*** Block opens ***

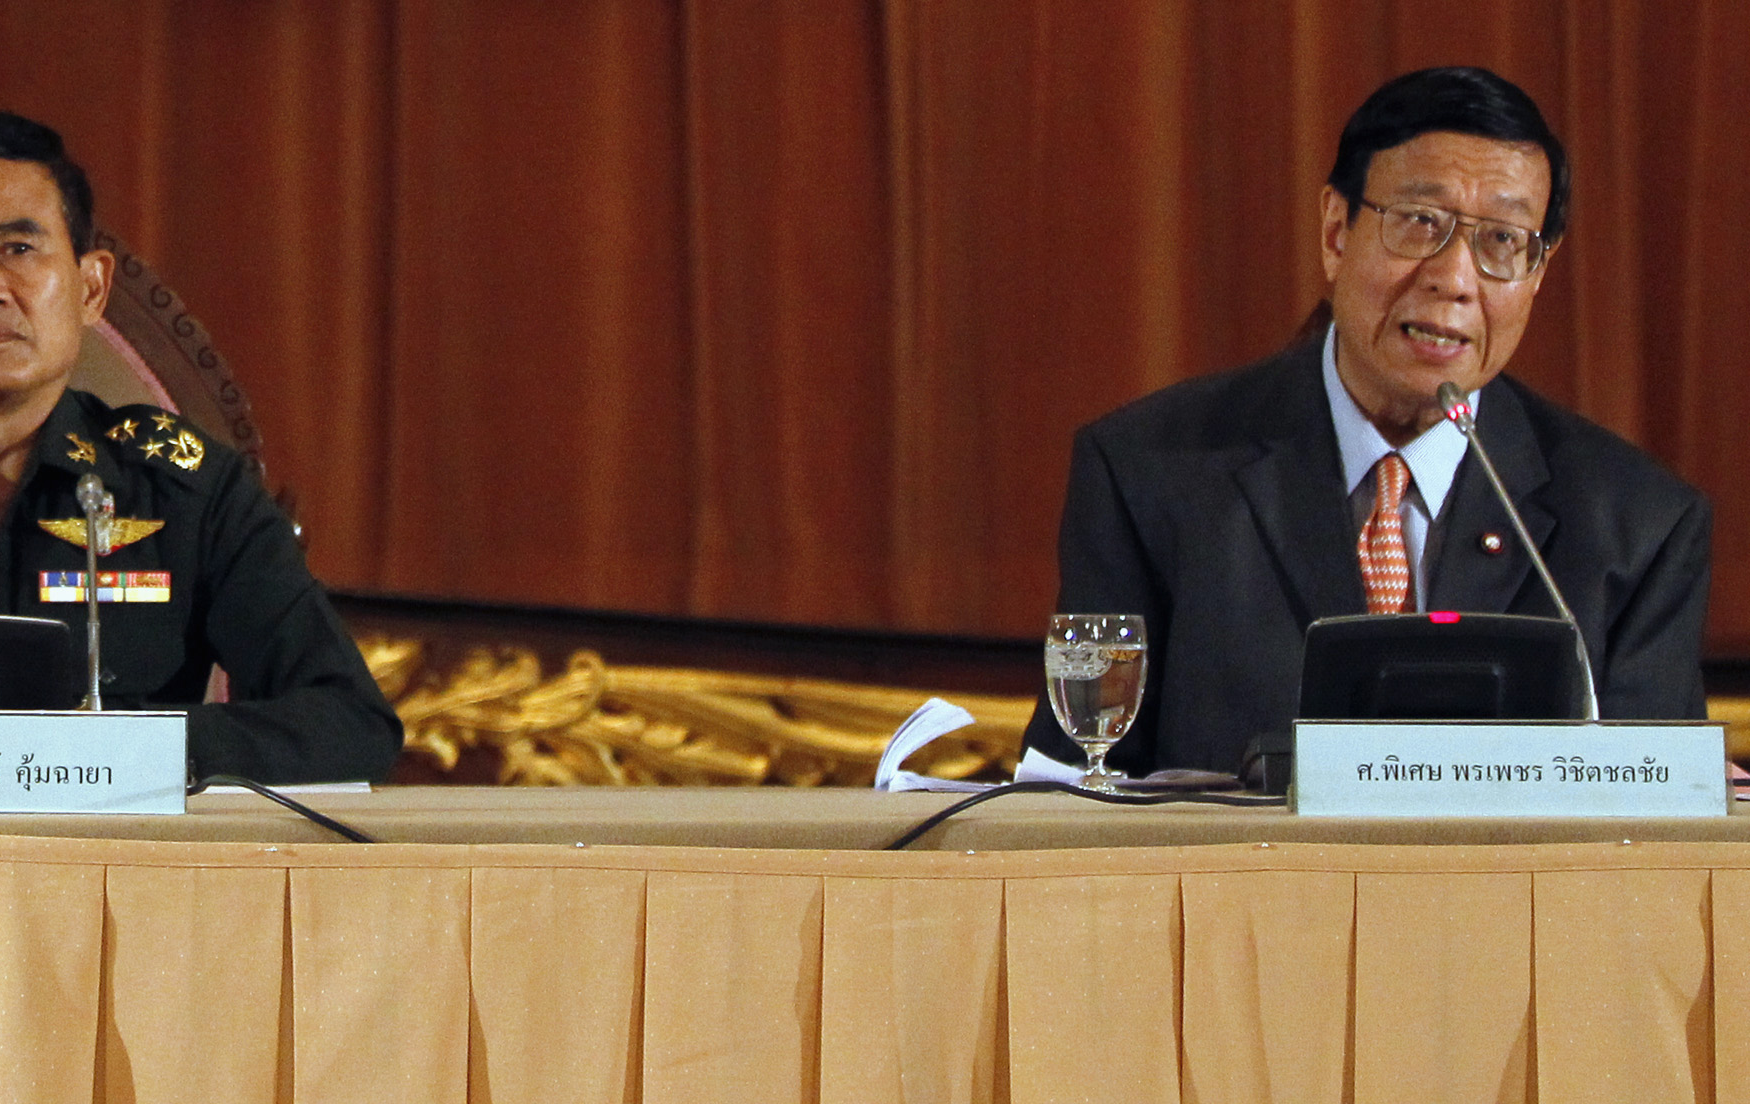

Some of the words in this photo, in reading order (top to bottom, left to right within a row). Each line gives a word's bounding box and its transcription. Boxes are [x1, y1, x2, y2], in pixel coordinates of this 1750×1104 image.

[15, 753, 113, 793] คุ้มฉายา
[1356, 754, 1443, 783] ศ.พิเศษ
[1451, 763, 1544, 783] พรเพชร
[1552, 754, 1670, 784] วิชิตชลชัย

*** Block closes ***

● **ABOUT THIS EXERCISE**:
The entries are to be written out in full and exactly, apart from the pictures.

● **ANSWER AREA**:
Some of the words in this photo, in reading order (top to bottom, left to right within a row). Each line gives a word's bounding box and its transcription. Boxes are [x1, y1, x2, y2], in pixel coordinates of this 1750×1104 image.

[15, 753, 113, 793] คุ้มฉายา
[1356, 754, 1443, 783] ศ.พิเศษ
[1451, 763, 1544, 783] พรเพชร
[1552, 754, 1670, 784] วิชิตชลชัย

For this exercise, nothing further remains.